HPV is an infection that is rarely discussed within our society. Recent studies at Claflin University are in accordance with national studies indicating a low level of knowledge and awareness, as well as widespread misconception regarding sexually transmitted infections, especially HPV, according to research that began in 2011 by Tiffany Rickenbacker.
Research conducted on incoming freshmen in 2016 resulted in only 55 percent having heard of HPV, and this increased to 75 percent after educational training during workshops as reported by Keiara Reames, who graduated in biology in 2017. Keiara participated in RISE (Research Initiative for Scientific Enhancement) and presented her research at national conferences. She is currently a graduate student in the Biotechnology Program working toward a master-of-science degree. Her current research involves detecting cancer-causing genes in HR-HPV and LR-HPV. She is continuing this research that was initiated by Adia Louden, who is currently a graduate student in the Rollins School of Public Health At Emory University. Researchers at Duke University have shown prevalence of certain HPV types in African-American women not prevalent in Caucasian women.
There are proven ways to decrease the incidence of cervical cancer. The HPV vaccination, discovered by using HeLa cells, is used to protect individuals from contracting HPV infections. Gardasil, Gardasil 9 and Cervarix are three available vaccines on the market. Research indicates that both girls and boys should be vaccinated at the age of 11 or 12 years old to prevent future cancer due to certain types of HPV. Vaccination is administered as three injections over a six- month period at the following times: 0 month, 2 months and 6 months.
The Vaccine for Children Program offers vaccines at no cost for eligible children through physicians enrolled in the program. For more information, refer to CDC at www.cdc.gov/vaccines/programs/vfc. Regular Papanicolaou (Pap) smear screening is encouraged to detect early onset of cervical cancer.
Information on prevention of cervical cancer can be found at the Cervical Cancer Free SC website (http://www.cervicalcancerfreecoalition.org/partners/partner-states/south-carolina/). The Public Health Student Alliance at Claflin University leads annual community outreach efforts in educating and promoting awareness about HPV. There is a great need for increased health promotion as we address diseases and conditions associated with HPV and contribute to closing the gap in health disparities with disproportionate incidence in minority populations.

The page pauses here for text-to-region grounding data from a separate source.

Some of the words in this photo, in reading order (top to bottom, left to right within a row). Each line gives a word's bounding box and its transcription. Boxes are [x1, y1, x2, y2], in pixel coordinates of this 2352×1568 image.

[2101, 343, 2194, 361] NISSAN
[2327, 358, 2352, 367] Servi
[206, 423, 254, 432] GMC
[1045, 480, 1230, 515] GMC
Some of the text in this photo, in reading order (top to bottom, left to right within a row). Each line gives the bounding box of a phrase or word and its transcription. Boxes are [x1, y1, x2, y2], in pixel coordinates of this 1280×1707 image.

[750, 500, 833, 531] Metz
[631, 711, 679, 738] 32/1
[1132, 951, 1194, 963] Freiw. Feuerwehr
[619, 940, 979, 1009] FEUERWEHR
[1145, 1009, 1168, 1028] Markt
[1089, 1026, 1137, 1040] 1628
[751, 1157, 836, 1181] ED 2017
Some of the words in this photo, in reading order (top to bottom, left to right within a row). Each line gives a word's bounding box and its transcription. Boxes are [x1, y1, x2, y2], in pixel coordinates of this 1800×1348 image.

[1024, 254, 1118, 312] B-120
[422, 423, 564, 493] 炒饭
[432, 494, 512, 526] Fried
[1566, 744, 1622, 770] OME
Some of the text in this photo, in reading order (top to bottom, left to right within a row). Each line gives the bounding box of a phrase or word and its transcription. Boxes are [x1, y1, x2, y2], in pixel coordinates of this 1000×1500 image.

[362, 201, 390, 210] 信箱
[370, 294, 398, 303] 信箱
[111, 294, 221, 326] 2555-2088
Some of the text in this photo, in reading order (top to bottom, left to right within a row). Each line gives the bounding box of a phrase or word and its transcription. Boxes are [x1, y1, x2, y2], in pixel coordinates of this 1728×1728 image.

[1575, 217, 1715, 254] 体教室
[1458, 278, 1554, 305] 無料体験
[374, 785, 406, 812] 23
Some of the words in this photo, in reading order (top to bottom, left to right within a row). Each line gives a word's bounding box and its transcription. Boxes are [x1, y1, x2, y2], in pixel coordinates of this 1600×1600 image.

Claflin is in the third year of a five-year, $1.3 million federal grant to prepare students to enter PhD programs and conduct research in biomedical and behavioral sciences. Our research is guided by the principles of bioethics, and we teach our students the importance of conducting research with informed consent by participants.
Graduate students enrolled in Dr. Gloria McCutcheon’s research ethics class at Claflin suggest watching the movie titled, “The Immortal Life of Henrietta Lacks” starring Oprah Winfrey and for a more detailed version of the science and bioethics, one should read Rebecca Skloot’s book of the same title and rated The New York Times Bestseller.